> **Problem**
Go through the data below and retype all of it exactly.

> **Input data**
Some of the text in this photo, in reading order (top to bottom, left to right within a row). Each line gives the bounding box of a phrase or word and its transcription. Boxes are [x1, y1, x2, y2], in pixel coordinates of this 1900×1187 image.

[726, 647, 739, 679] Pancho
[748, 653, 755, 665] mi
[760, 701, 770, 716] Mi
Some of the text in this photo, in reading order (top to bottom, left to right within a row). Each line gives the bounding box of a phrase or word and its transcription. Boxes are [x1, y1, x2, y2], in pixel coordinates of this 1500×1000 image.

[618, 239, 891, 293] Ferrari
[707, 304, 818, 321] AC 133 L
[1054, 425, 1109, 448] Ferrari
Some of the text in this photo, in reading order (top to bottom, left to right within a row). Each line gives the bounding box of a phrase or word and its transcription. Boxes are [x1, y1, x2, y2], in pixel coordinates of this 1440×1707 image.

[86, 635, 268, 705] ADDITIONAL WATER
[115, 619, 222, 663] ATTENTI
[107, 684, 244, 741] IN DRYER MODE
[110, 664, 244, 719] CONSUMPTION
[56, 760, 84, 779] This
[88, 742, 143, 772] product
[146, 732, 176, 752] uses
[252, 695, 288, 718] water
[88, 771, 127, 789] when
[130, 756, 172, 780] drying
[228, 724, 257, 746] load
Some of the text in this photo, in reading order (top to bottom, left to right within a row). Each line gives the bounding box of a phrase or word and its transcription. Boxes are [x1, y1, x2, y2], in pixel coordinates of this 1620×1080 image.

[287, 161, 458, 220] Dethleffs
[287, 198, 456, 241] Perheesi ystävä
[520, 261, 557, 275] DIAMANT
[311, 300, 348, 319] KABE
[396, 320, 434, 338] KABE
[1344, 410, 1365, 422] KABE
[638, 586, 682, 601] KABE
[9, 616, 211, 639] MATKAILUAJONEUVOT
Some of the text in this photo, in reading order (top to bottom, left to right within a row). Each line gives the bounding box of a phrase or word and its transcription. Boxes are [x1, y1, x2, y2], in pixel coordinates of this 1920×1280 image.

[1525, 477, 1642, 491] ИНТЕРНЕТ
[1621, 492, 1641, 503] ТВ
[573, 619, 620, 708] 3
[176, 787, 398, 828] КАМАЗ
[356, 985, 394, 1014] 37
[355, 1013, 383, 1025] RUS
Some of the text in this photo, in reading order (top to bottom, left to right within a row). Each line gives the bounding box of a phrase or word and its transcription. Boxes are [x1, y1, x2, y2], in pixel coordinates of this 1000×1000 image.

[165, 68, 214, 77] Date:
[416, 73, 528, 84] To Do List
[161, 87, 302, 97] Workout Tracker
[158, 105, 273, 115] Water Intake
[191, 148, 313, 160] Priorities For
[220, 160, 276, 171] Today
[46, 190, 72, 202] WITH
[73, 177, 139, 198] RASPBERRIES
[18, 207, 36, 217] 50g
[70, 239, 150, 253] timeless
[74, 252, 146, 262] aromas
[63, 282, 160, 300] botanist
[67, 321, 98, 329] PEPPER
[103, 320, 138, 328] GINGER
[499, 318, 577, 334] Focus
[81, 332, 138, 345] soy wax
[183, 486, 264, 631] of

> **Task response**
Some of the text in this photo, in reading order (top to bottom, left to right within a row). Each line gives the bounding box of a phrase or word and its transcription. Boxes are [x1, y1, x2, y2], in pixel coordinates of this 1900×1187 image.

[726, 647, 739, 679] Pancho
[748, 653, 755, 665] mi
[760, 701, 770, 716] Mi
Some of the text in this photo, in reading order (top to bottom, left to right within a row). Each line gives the bounding box of a phrase or word and its transcription. Boxes are [x1, y1, x2, y2], in pixel coordinates of this 1500×1000 image.

[618, 239, 891, 293] Ferrari
[707, 304, 818, 321] AC 133 L
[1054, 425, 1109, 448] Ferrari
Some of the text in this photo, in reading order (top to bottom, left to right within a row). Each line gives the bounding box of a phrase or word and its transcription. Boxes are [x1, y1, x2, y2], in pixel coordinates of this 1440×1707 image.

[86, 635, 268, 705] ADDITIONAL WATER
[115, 619, 222, 663] ATTENTI
[107, 684, 244, 741] IN DRYER MODE
[110, 664, 244, 719] CONSUMPTION
[56, 760, 84, 779] This
[88, 742, 143, 772] product
[146, 732, 176, 752] uses
[252, 695, 288, 718] water
[88, 771, 127, 789] when
[130, 756, 172, 780] drying
[228, 724, 257, 746] load
Some of the text in this photo, in reading order (top to bottom, left to right within a row). Each line gives the bounding box of a phrase or word and its transcription. Boxes are [x1, y1, x2, y2], in pixel coordinates of this 1620×1080 image.

[287, 161, 458, 220] Dethleffs
[287, 198, 456, 241] Perheesi ystävä
[520, 261, 557, 275] DIAMANT
[311, 300, 348, 319] KABE
[396, 320, 434, 338] KABE
[1344, 410, 1365, 422] KABE
[638, 586, 682, 601] KABE
[9, 616, 211, 639] MATKAILUAJONEUVOT
Some of the text in this photo, in reading order (top to bottom, left to right within a row). Each line gives the bounding box of a phrase or word and its transcription. Boxes are [x1, y1, x2, y2], in pixel coordinates of this 1920×1280 image.

[1525, 477, 1642, 491] ИНТЕРНЕТ
[1621, 492, 1641, 503] ТВ
[573, 619, 620, 708] 3
[176, 787, 398, 828] КАМАЗ
[356, 985, 394, 1014] 37
[355, 1013, 383, 1025] RUS
Some of the text in this photo, in reading order (top to bottom, left to right within a row). Each line gives the bounding box of a phrase or word and its transcription. Boxes are [x1, y1, x2, y2], in pixel coordinates of this 1000×1000 image.

[165, 68, 214, 77] Date:
[416, 73, 528, 84] To Do List
[161, 87, 302, 97] Workout Tracker
[158, 105, 273, 115] Water Intake
[191, 148, 313, 160] Priorities For
[220, 160, 276, 171] Today
[46, 190, 72, 202] WITH
[73, 177, 139, 198] RASPBERRIES
[18, 207, 36, 217] 50g
[70, 239, 150, 253] timeless
[74, 252, 146, 262] aromas
[63, 282, 160, 300] botanist
[67, 321, 98, 329] PEPPER
[103, 320, 138, 328] GINGER
[499, 318, 577, 334] Focus
[81, 332, 138, 345] soy wax
[183, 486, 264, 631] of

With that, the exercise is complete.